Volviendo a Umbral, volviendo al talento para el experimento, él creó “derechona”, y escribió frases tan poéticas como: “La parra otoñece cada octubre, octubrece todos los años”. Para la tendencia a hablar durante el acto sexual, Cela propuso sin éxito “Coitolabia”. Otro gran creador de vocablos fue Lorca, como recuerda Manuel Altolaguirre en sus memorias: “Se entusiasmaba y entonces calificaba el suceso, la música o el paisaje con palabras que inventaba de pronto: ‘Chorpatélico’, ‘elepente’, ‘anfistora’. Palabras que utilizaba también para pedir algo: ‘Muchacho, tráeme un chorpatélico’. Y el camarero le traía una pajarita de Anís del Mono”.
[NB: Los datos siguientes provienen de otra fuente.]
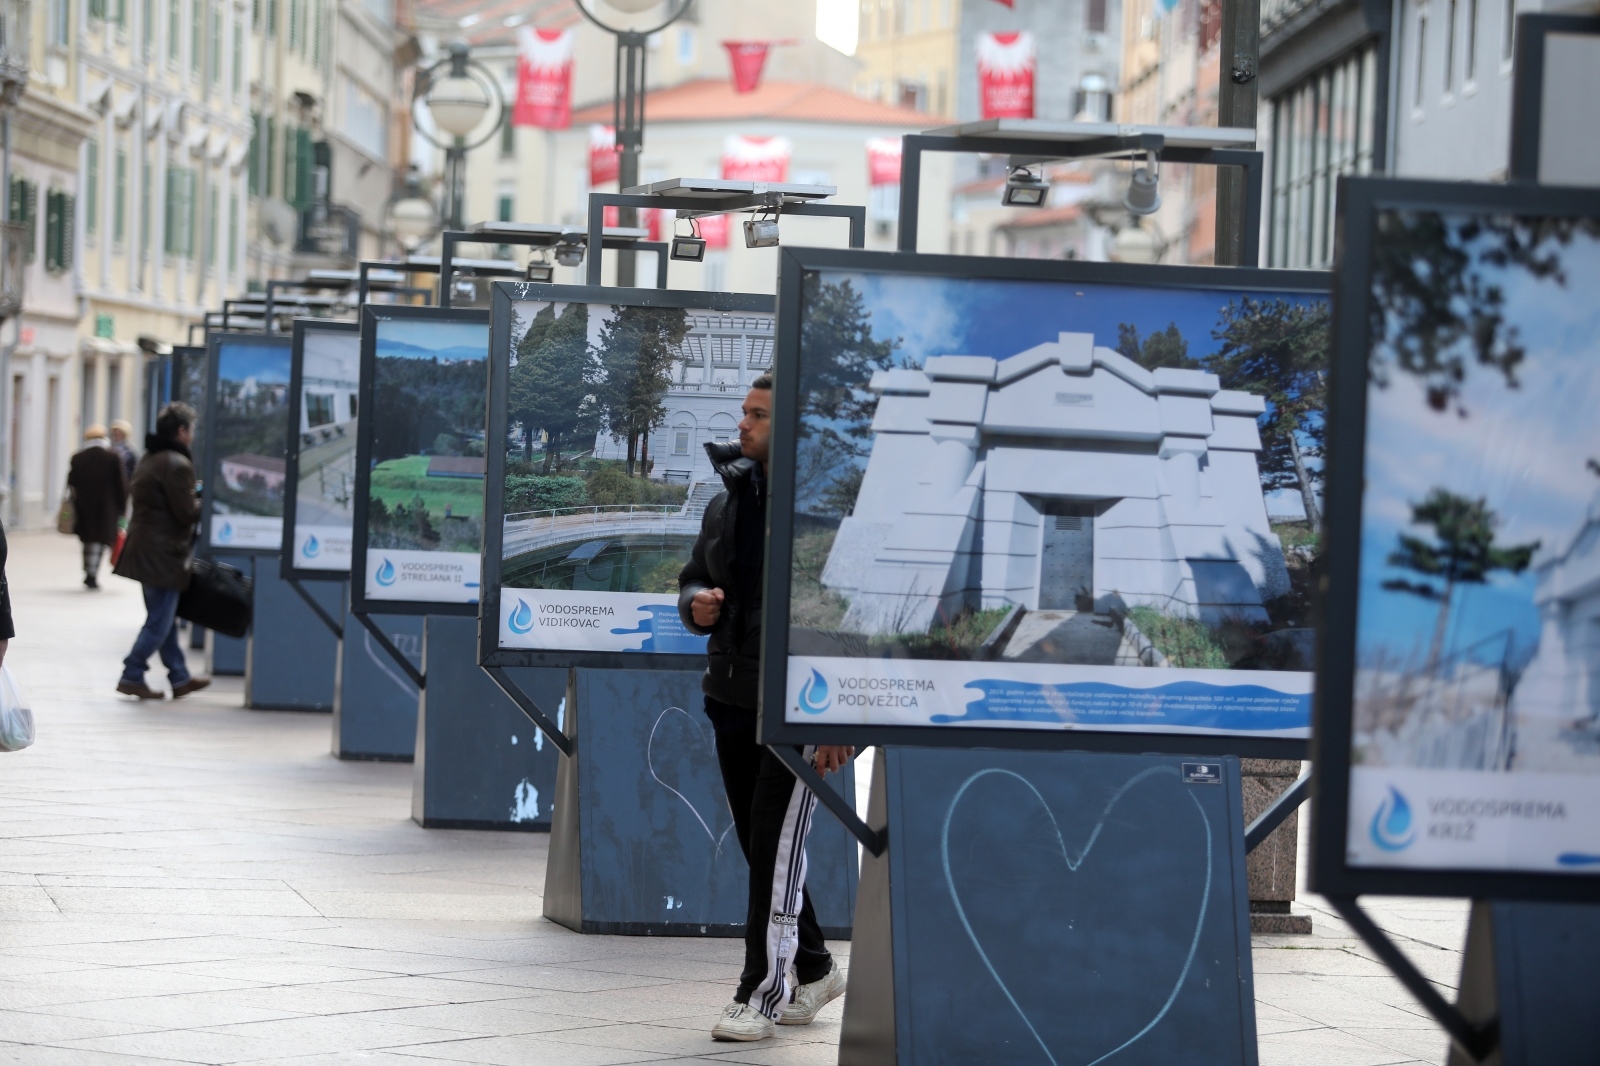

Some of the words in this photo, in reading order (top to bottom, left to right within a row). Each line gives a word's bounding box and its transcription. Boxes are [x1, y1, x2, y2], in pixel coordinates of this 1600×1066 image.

[401, 562, 464, 572] VODOSPREMA
[401, 572, 452, 582] STRELJANA
[540, 604, 614, 616] VODOSPREMA
[538, 618, 600, 628] VIDIKOVAC
[838, 678, 935, 691] VODOSPREMA
[838, 692, 918, 707] PODVEŽICA
[1427, 798, 1566, 820] VODOSPREMA
[1427, 820, 1476, 841] KRIŽ
[774, 915, 796, 924] adidas
“Solía dibujar como Rafael, pero me ha costado toda una vida dibujar como un niño”, confesó Picasso. Azorín se jactaba de haber dejado de ser un escritor brillante: “Con la sencillez en la forma he llegado a poder decir todo cuanto quiero, que es el mayor triunfo que puede alcanzar un escritor sobre el idioma”. Él tenía la ventaja de escribir como vivía. Pío Baroja, de cuya pluma brotó la mejor descripción de una calle que jamás he leído (“la calle era larga y olía a pan”), decía de Azorín que era largo en literatura y corto en palabras: “Cuando murió mi hermano vino a mi casa, me estrechó la mano y me dijo: ‘Todos tenemos que morirnos’. Y se marchó”.
Si hasta la física contemporánea ha demostrado que el universo está regido por tres o cuatro reglas simples, ¿quiénes somos nosotros para corromper la esencia de nuestra lengua? Ojalá no veamos su muerte por sobrepeso.
*** José Blasco del Álamo es periodista y escritor.